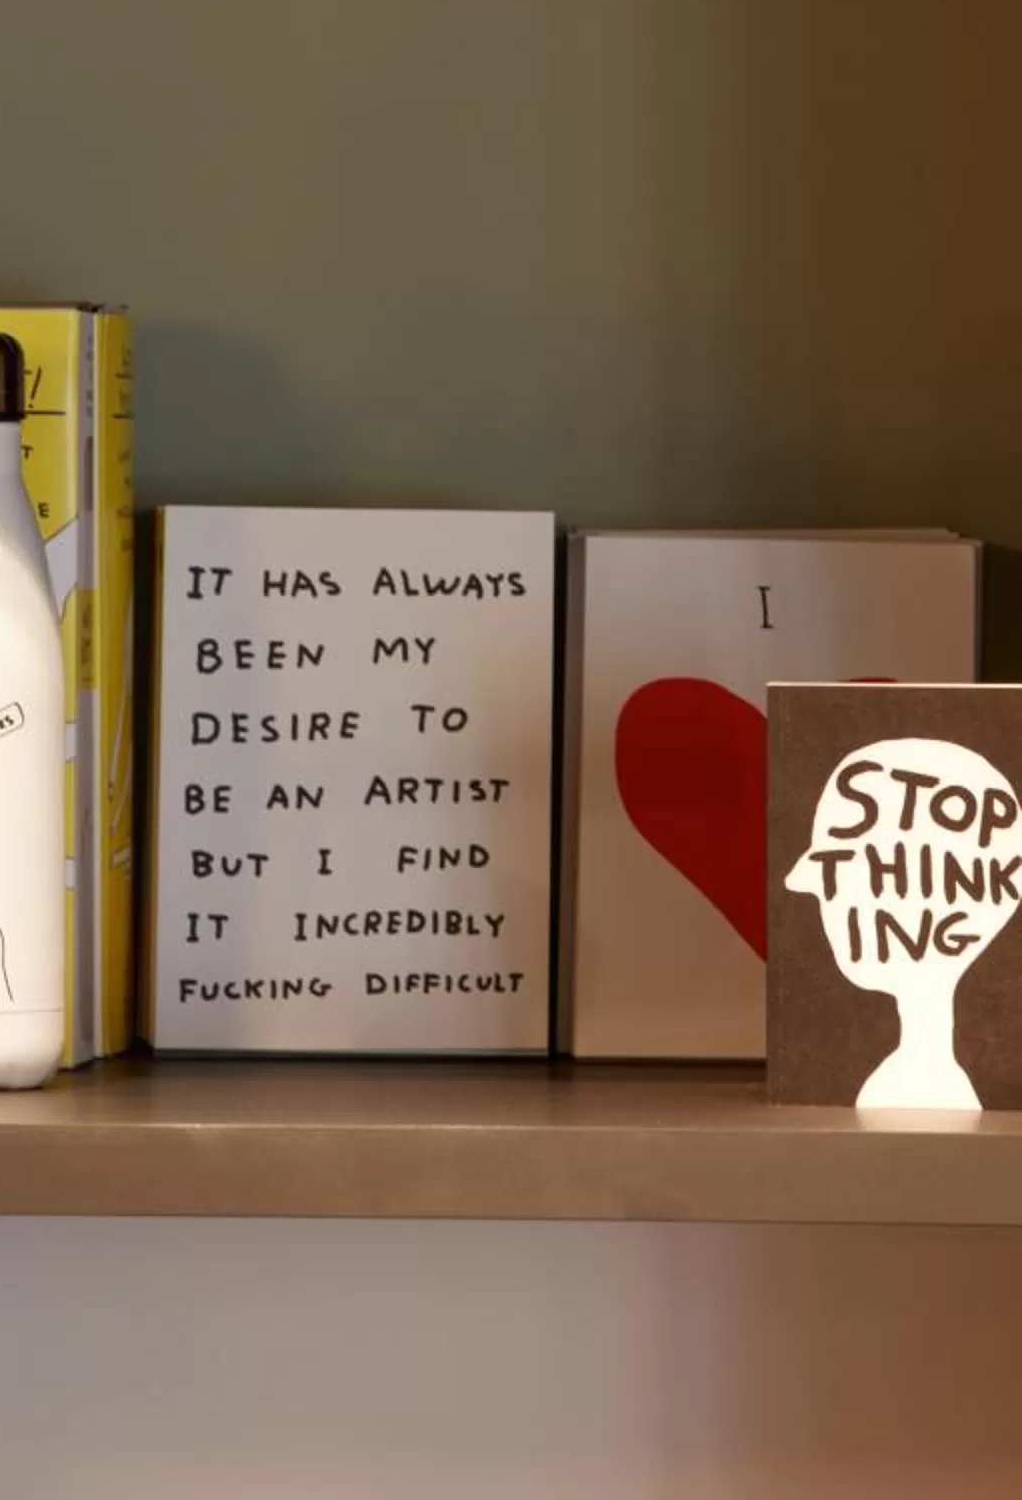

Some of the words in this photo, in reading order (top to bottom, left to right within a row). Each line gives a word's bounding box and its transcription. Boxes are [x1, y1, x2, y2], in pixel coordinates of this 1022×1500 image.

[186, 566, 232, 599] IT
[263, 570, 341, 598] HAS
[373, 567, 527, 600] ALWAYS
[756, 586, 774, 629] I
[196, 638, 324, 675] BEEN
[373, 637, 436, 665] MY
[191, 711, 361, 746] DESIRE
[411, 704, 468, 733] TO
[184, 783, 232, 815] BE
[267, 784, 324, 810] AN
[364, 775, 511, 805] ARTIST
[828, 759, 1018, 849] STOP
[191, 850, 269, 878] BUT
[317, 849, 333, 876] I
[398, 843, 490, 873] FIND
[809, 842, 1022, 906] THINK
[186, 913, 229, 942] IT
[294, 910, 506, 941] INCREDIBLY
[848, 906, 981, 965] ING
[179, 978, 332, 1003] FUCKING
[365, 972, 524, 996] DIFFICULT
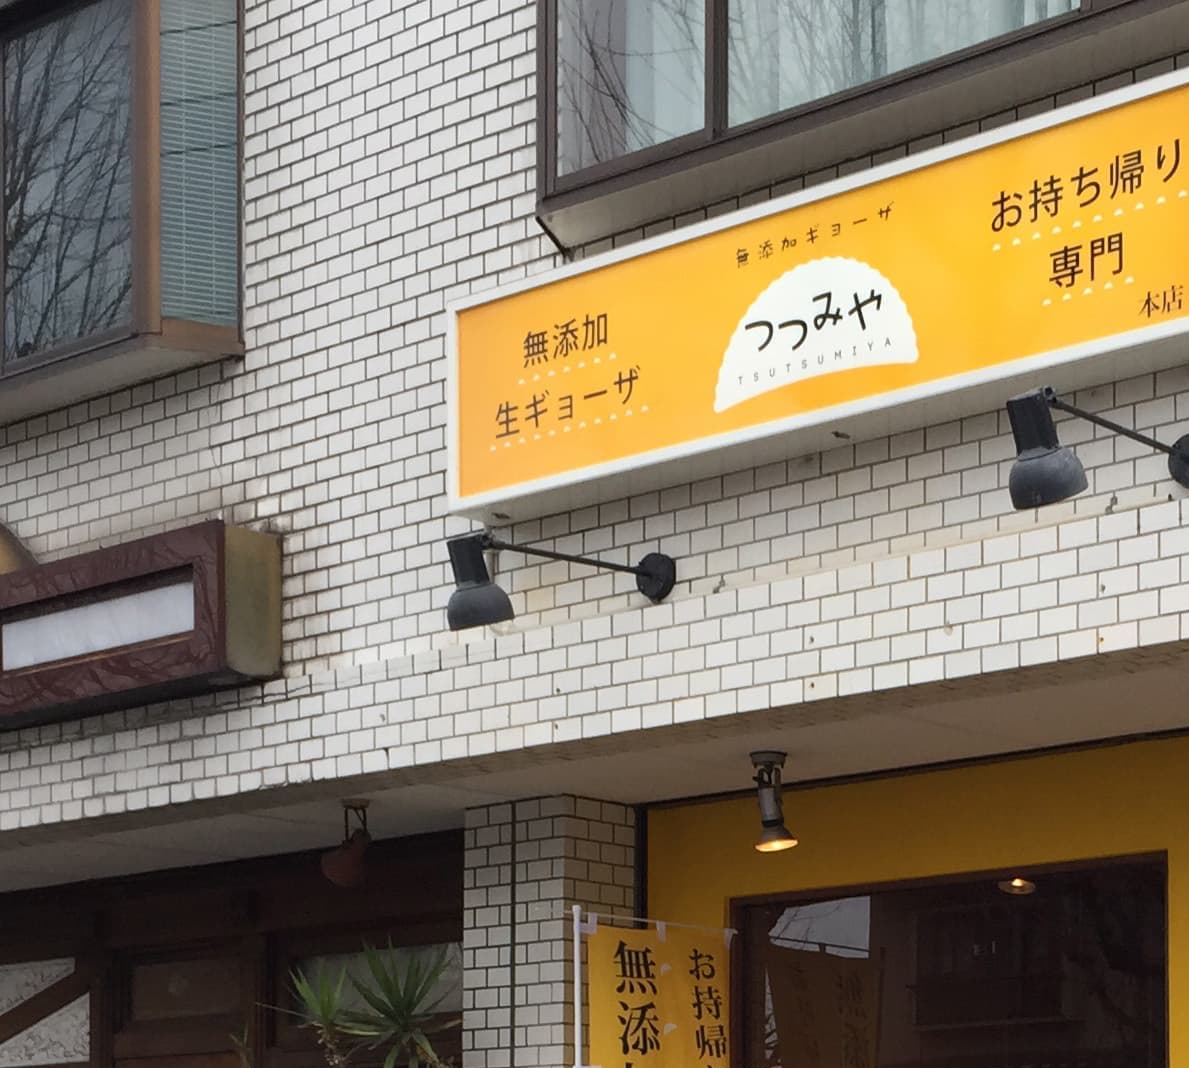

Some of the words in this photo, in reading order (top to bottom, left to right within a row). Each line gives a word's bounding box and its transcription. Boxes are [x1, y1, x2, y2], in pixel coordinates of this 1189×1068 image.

——

#### Your task:
Repeat the data word for word, excluding any image.

#### Exercise result:
Some of the words in this photo, in reading order (top to bottom, left to right within a row). Each line gives a word's bounding box and its transcription. Boxes are [x1, y1, x2, y2], in pixel coordinates of this 1022×1500 image.

[186, 566, 232, 599] IT
[263, 570, 341, 598] HAS
[373, 567, 527, 600] ALWAYS
[756, 586, 774, 629] I
[196, 638, 324, 675] BEEN
[373, 637, 436, 665] MY
[191, 711, 361, 746] DESIRE
[411, 704, 468, 733] TO
[184, 783, 232, 815] BE
[267, 784, 324, 810] AN
[364, 775, 511, 805] ARTIST
[828, 759, 1018, 849] STOP
[191, 850, 269, 878] BUT
[317, 849, 333, 876] I
[398, 843, 490, 873] FIND
[809, 842, 1022, 906] THINK
[186, 913, 229, 942] IT
[294, 910, 506, 941] INCREDIBLY
[848, 906, 981, 965] ING
[179, 978, 332, 1003] FUCKING
[365, 972, 524, 996] DIFFICULT

Some of the words in this photo, in reading order (top to bottom, left to right within a row). Each line gives a word's bounding box and its transcription. Boxes are [x1, y1, x2, y2], in pixel coordinates of this 1189×1068 image.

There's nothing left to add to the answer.